Biochim Biophys Acta. 1990 Apr 30;1023(3):455-61. doi: 10.1016/0005-2736(90)90139-f.
Na(+)-dependent Mg2+ efflux from Mg2(+)-loaded rat erythrocytes was determined from the increase of extracellular Mg2+ concentration or decrease of intracellular Mg2+ content, as measured by means of atomic absorption spectrophotometry. Mg2+ efflux was specifically combined with the uptake of Na+ at a stoichiometric ratio of 2Na+:1Mg2+, indicating electroneutral Na+/Mg2+ antiport. Na+/Mg2+ antiport depended on intracellular ATP and was inhibited by amiloride and quinidine, but was insensitive to strophanthin. Net Mg2+ efflux was only occurring at increased concentration of intracellular Mg2+ ([Mg2+]i), and stopped when the physiological Mg2+ content was reached. Intracellular Mg2+ acted cooperatively with a Hill coefficient of 2.4, which may indicate gating of Na+/Mg2+ antiport at increased [Mg2+]i. At increased intracellular Na+ concentration, Na+ competed with intracellular Mg2+ for Mg2+ efflux and Na+ could leave the rat erythrocyte via this transport system. Na+/Mg2+ antiport was working asymmetrically with respect to extra- and intracellular Na+ and Mg2+, and did not perform net Mg2+ uptake.

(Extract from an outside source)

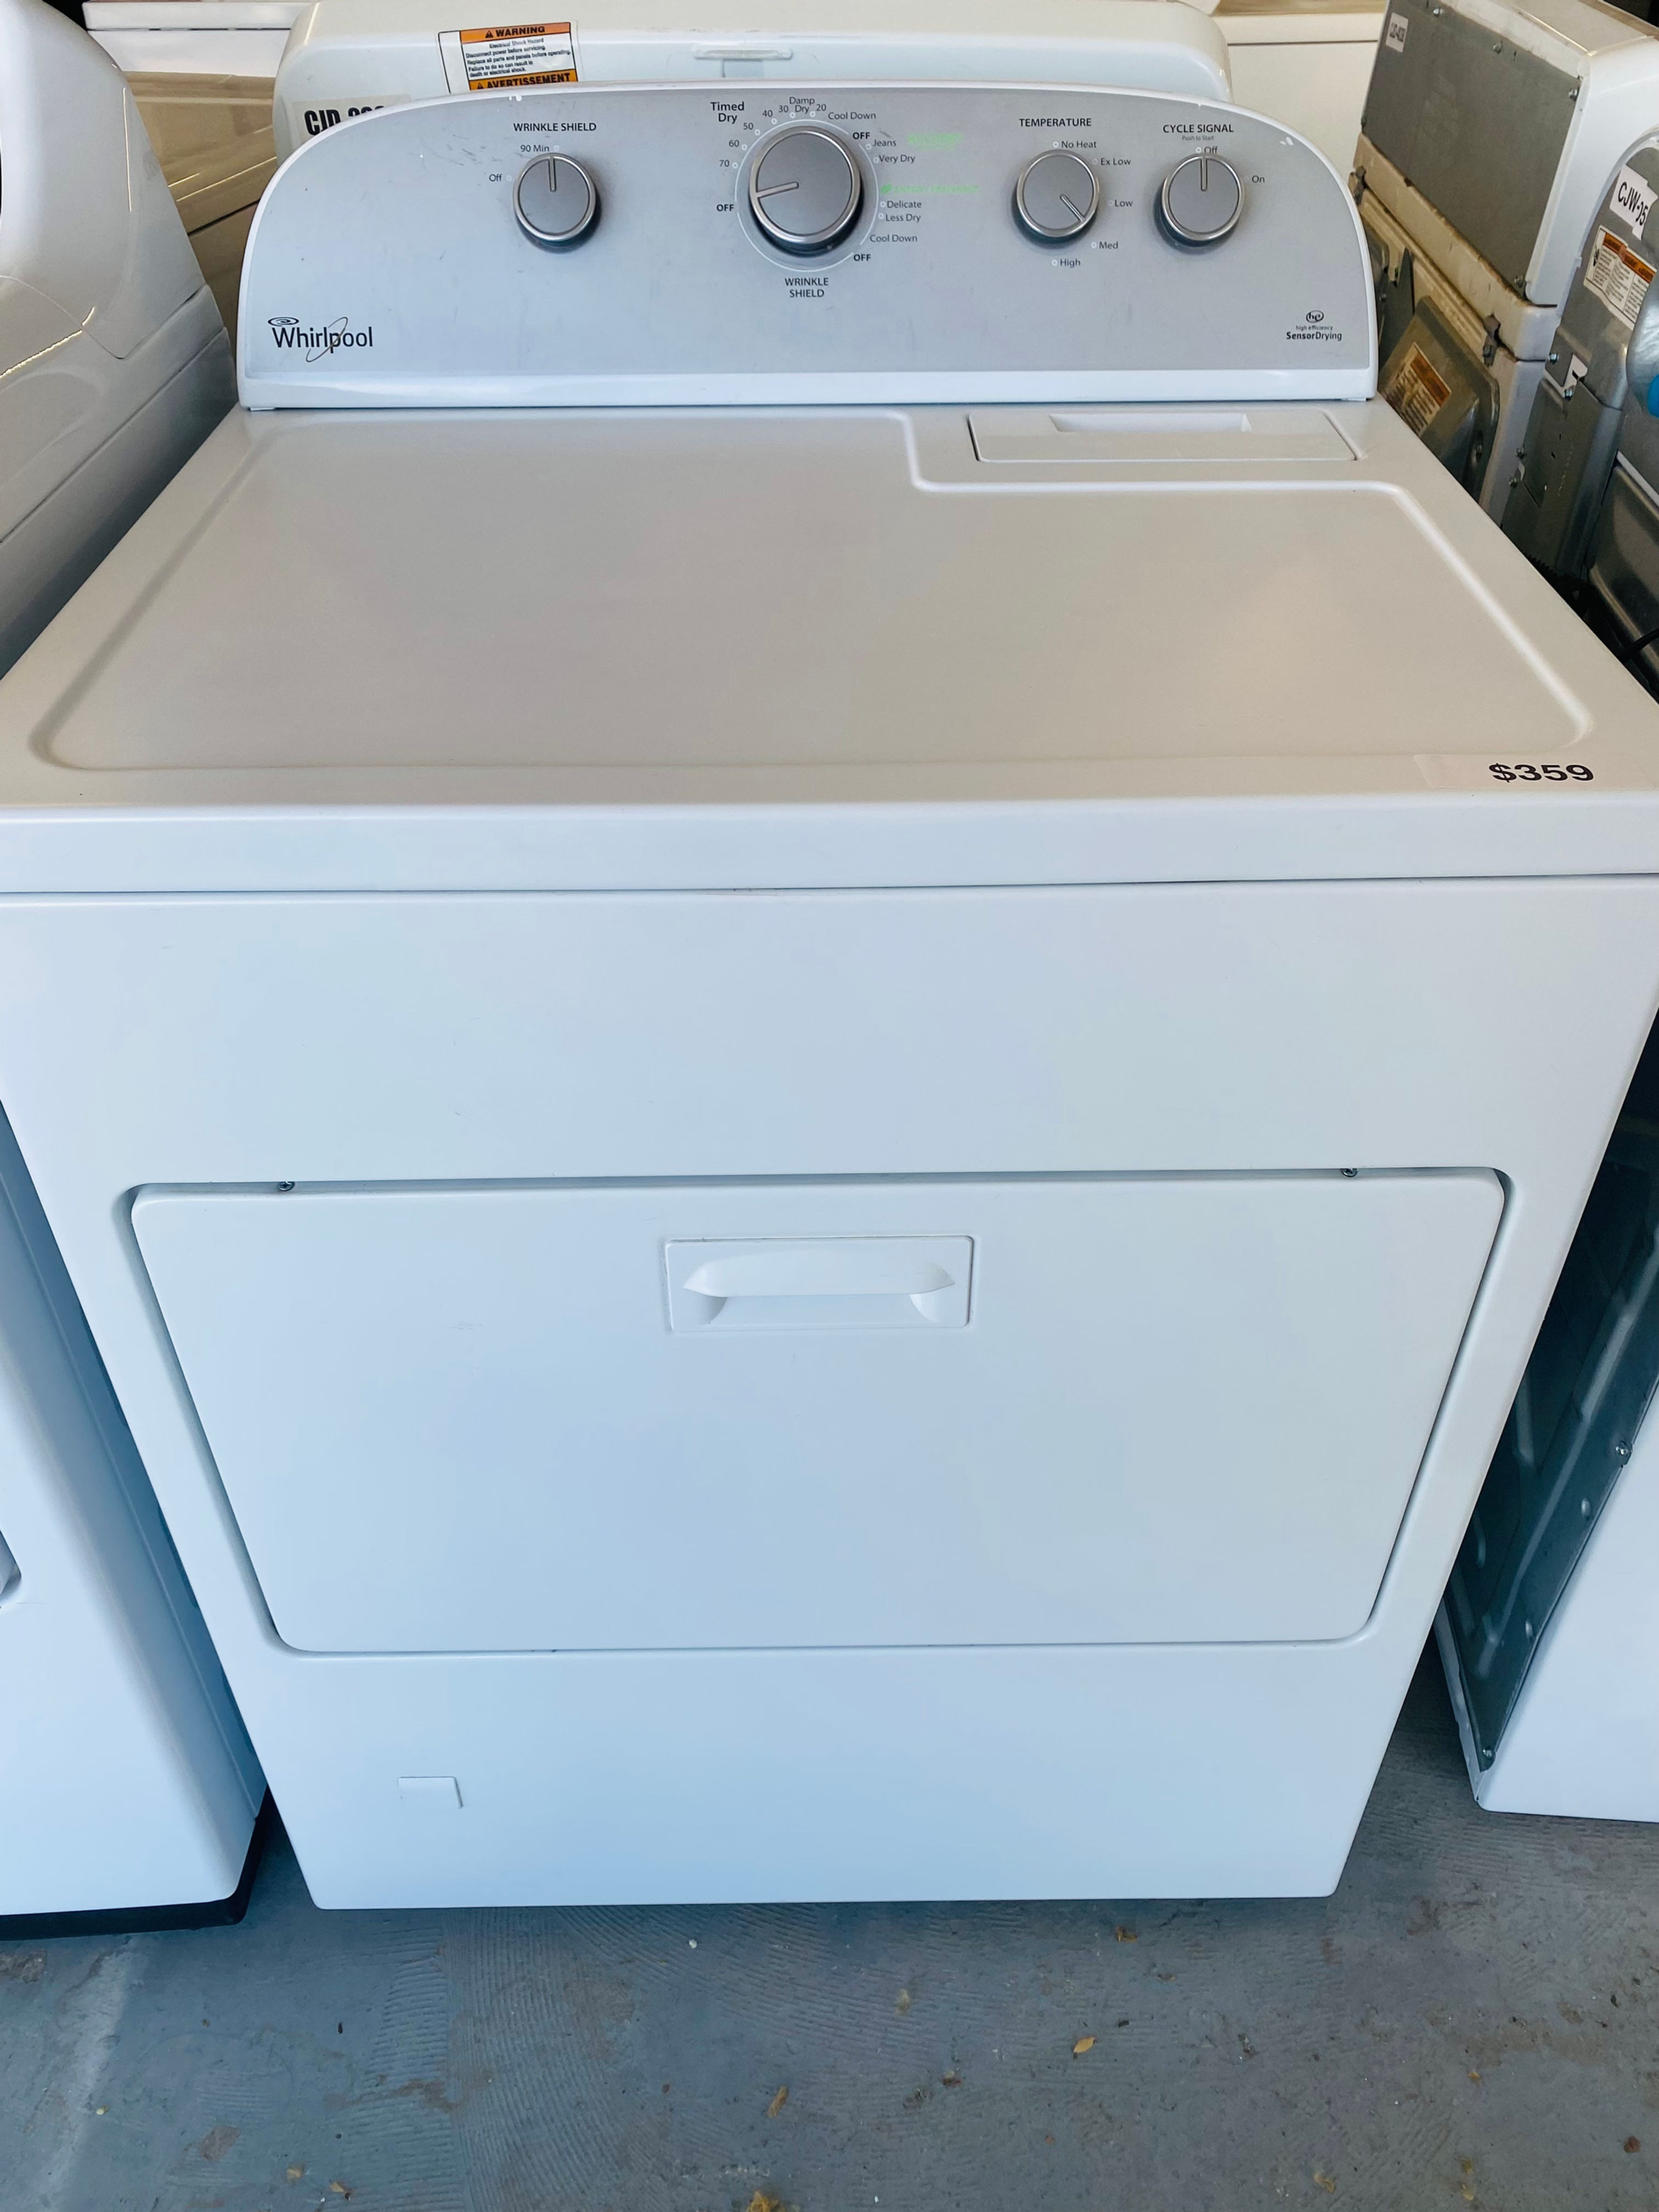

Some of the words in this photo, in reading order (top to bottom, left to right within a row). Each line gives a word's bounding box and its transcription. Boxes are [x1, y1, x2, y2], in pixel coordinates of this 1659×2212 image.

通过原子吸收分光光度法测量细胞外镁离子浓度的增加或细胞内镁离子含量的减少,来测定从负载镁离子的大鼠红细胞中钠依赖的镁离子外流。镁离子外流与钠离子摄取以2Na⁺:1Mg²⁺的化学计量比特异性结合,表明存在电中性的Na⁺/Mg²⁺反向转运体。Na⁺/Mg²⁺反向转运体依赖于细胞内ATP,并受到阿米洛利和奎尼丁的抑制,但对毒毛花苷不敏感。净镁离子外流仅在细胞内镁离子浓度([Mg²⁺]i)增加时发生,并在达到生理镁离子含量时停止。细胞内镁离子协同作用,希尔系数为2.4,这可能表明在[Mg²⁺]i增加时Na⁺/Mg²⁺反向转运体的门控作用。在细胞内钠离子浓度增加时,钠离子与细胞内镁离子竞争镁离子外流,并且钠离子可以通过该转运系统离开大鼠红细胞。Na⁺/Mg²⁺反向转运体在细胞外和细胞内的钠离子和镁离子方面不对称运作,并且不进行净镁离子摄取。